'''

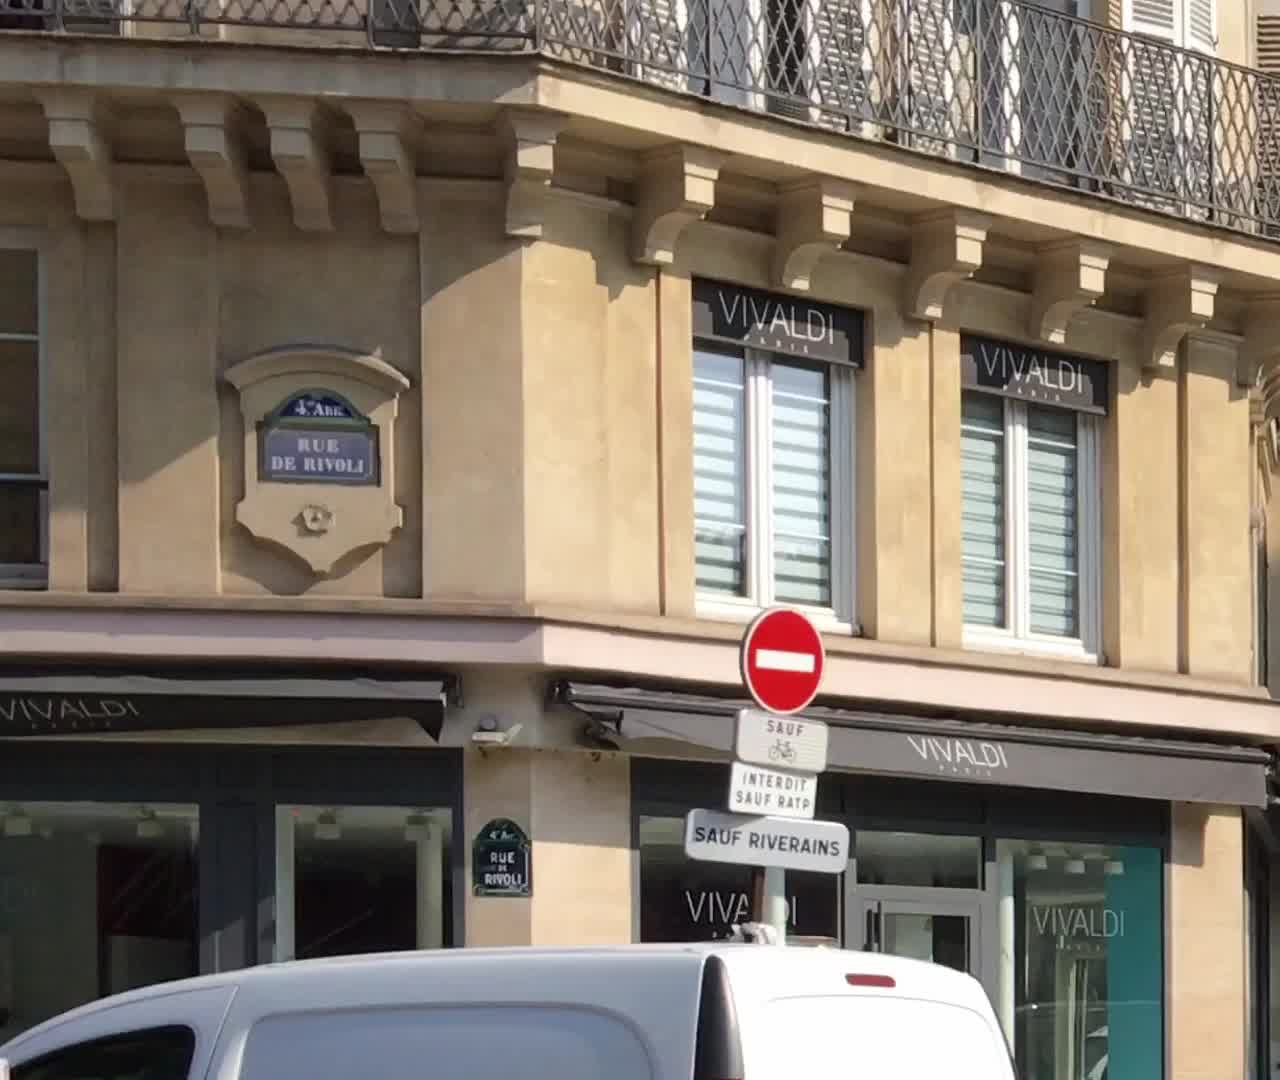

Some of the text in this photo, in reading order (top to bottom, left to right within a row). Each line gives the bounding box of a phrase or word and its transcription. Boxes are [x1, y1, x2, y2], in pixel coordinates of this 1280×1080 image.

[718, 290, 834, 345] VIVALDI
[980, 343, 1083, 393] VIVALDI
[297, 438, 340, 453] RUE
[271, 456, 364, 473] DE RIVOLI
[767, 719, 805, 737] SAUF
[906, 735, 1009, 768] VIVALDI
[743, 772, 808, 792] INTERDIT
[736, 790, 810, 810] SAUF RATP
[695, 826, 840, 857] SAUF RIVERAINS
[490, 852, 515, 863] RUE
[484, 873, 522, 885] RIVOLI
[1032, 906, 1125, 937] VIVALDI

'''

Every entry above needs to be duplicated exactly, without its images.

Answer —
Some of the text in this photo, in reading order (top to bottom, left to right within a row). Each line gives the bounding box of a phrase or word and its transcription. Boxes are [x1, y1, x2, y2], in pixel coordinates of this 1280×1080 image.

[718, 290, 834, 345] VIVALDI
[980, 343, 1083, 393] VIVALDI
[297, 438, 340, 453] RUE
[271, 456, 364, 473] DE RIVOLI
[767, 719, 805, 737] SAUF
[906, 735, 1009, 768] VIVALDI
[743, 772, 808, 792] INTERDIT
[736, 790, 810, 810] SAUF RATP
[695, 826, 840, 857] SAUF RIVERAINS
[490, 852, 515, 863] RUE
[484, 873, 522, 885] RIVOLI
[1032, 906, 1125, 937] VIVALDI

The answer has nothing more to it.